SAIGO, MARIANA; MUSSI, MARÍA ALEJANDRA; ALVAREZ, CLARISA; MACLEAN, ALLYSON; ANDREO, CARLOS; HOGENHOUT, SASKIA; DRINCOVICH, MARÍA FABIANA

Puerto Varas

Congreso; SAIB. XLIX Reunión Anual; 2013

Sociedad Argentina de Investigaciones en Bioquímica y Biología Molecular

Phytoplasmas are insect-vectored plant pathogens that infect a range of high-value agricultural crops. They are obligate parasites that survive and replicate intracellularly within both insect and plant hosts. As a consequence of genome reduction, their metabolic capabilities are hardly impaired, resulting in a strict nutrient dependence on their hosts which negatively affects the proper development of the plant.

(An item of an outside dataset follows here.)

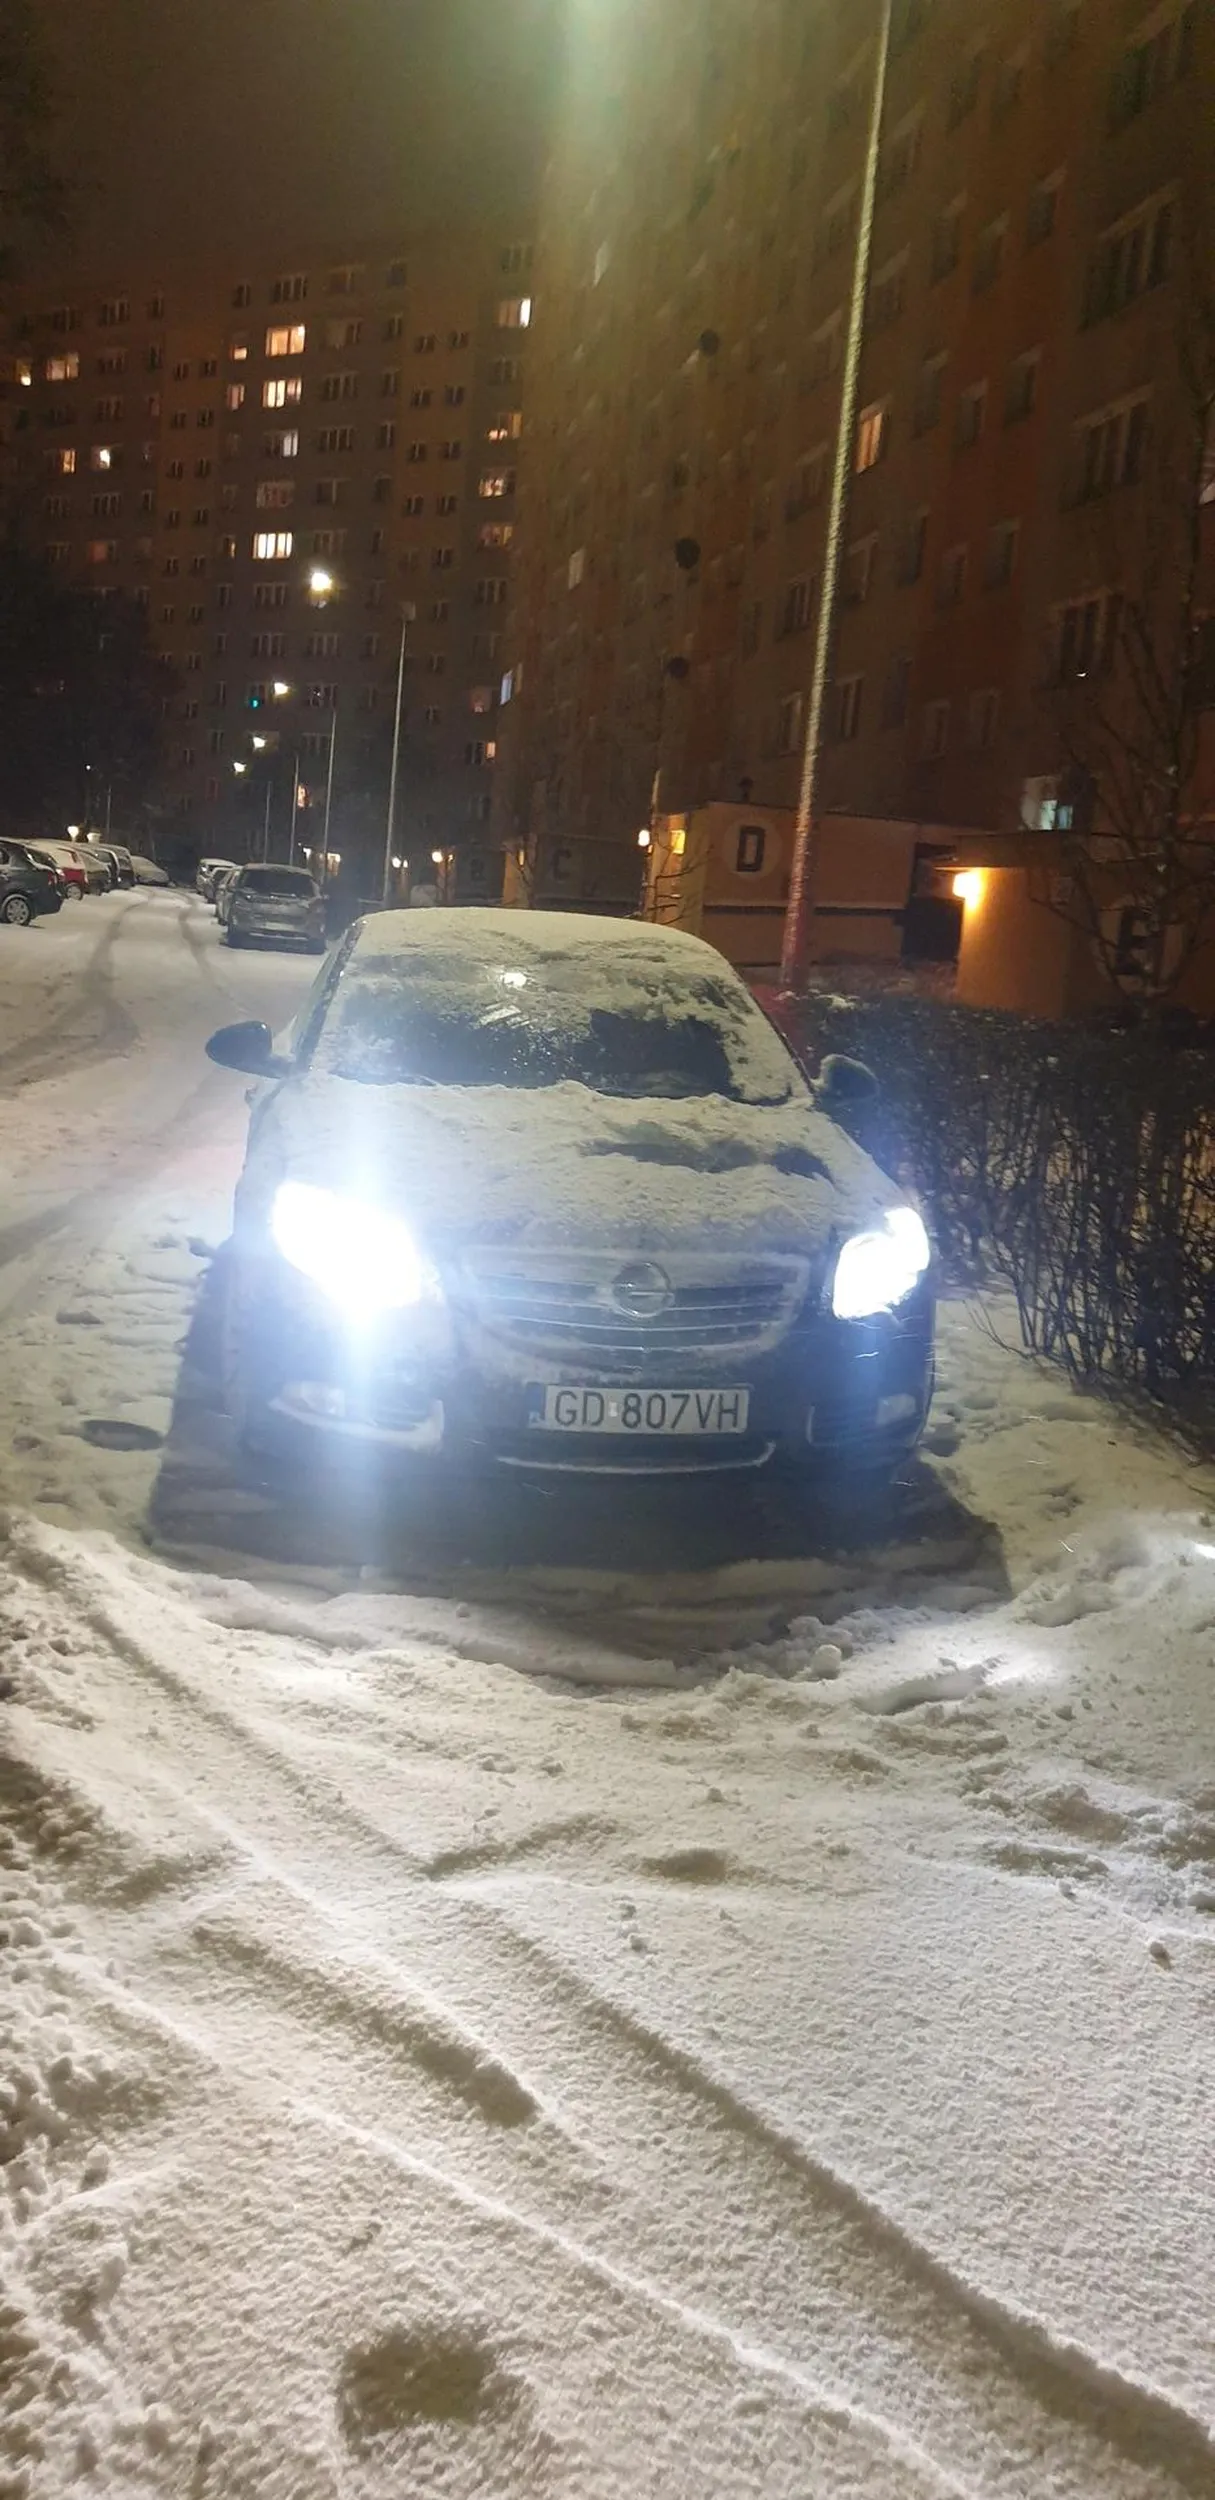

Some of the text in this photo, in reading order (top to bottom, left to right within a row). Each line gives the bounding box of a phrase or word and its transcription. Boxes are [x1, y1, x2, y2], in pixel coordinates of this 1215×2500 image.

[736, 825, 766, 872] D
[553, 1389, 605, 1428] GD
[620, 1391, 740, 1430] 807VH

It is not clear what is the preferred carbon source, as sugars do not seem to be the best option according to the metabolic pathways deduced from genome analysis. However, a pathway for malate conversion to acetate appears an appropriate alternative. In this work, we expressed and purified the recombinant putative malic enzyme encoded in Ca. P. asteris strain AYWB, and performed kinetics and structural studies, as well as analyzed its phylogenetic relatedness. Our studies show that the enzyme is active with both cofactors NAD and NADP, showing maximum activity at pH 8.2, and following a steady-state random mechanism (Bi-Ter kinetics). Besides, we have observed modulation by metabolites abundant in the phloem such as glutamine and glutamate. Most interestingly, the enzyme is activated by ADP while inhibited by ATP, giving a strong indication of the involvement of the enzyme in the bacterial energetic metabolism. Finally, phylogenetic analyses show that the enzyme follows the species evolution, and that it has not been acquired by horizontal gene transfer events. Overall, our results provide evidence on the functionality and kinetic properties of this enzyme which could play a key role in phytoplasma pathogenesis.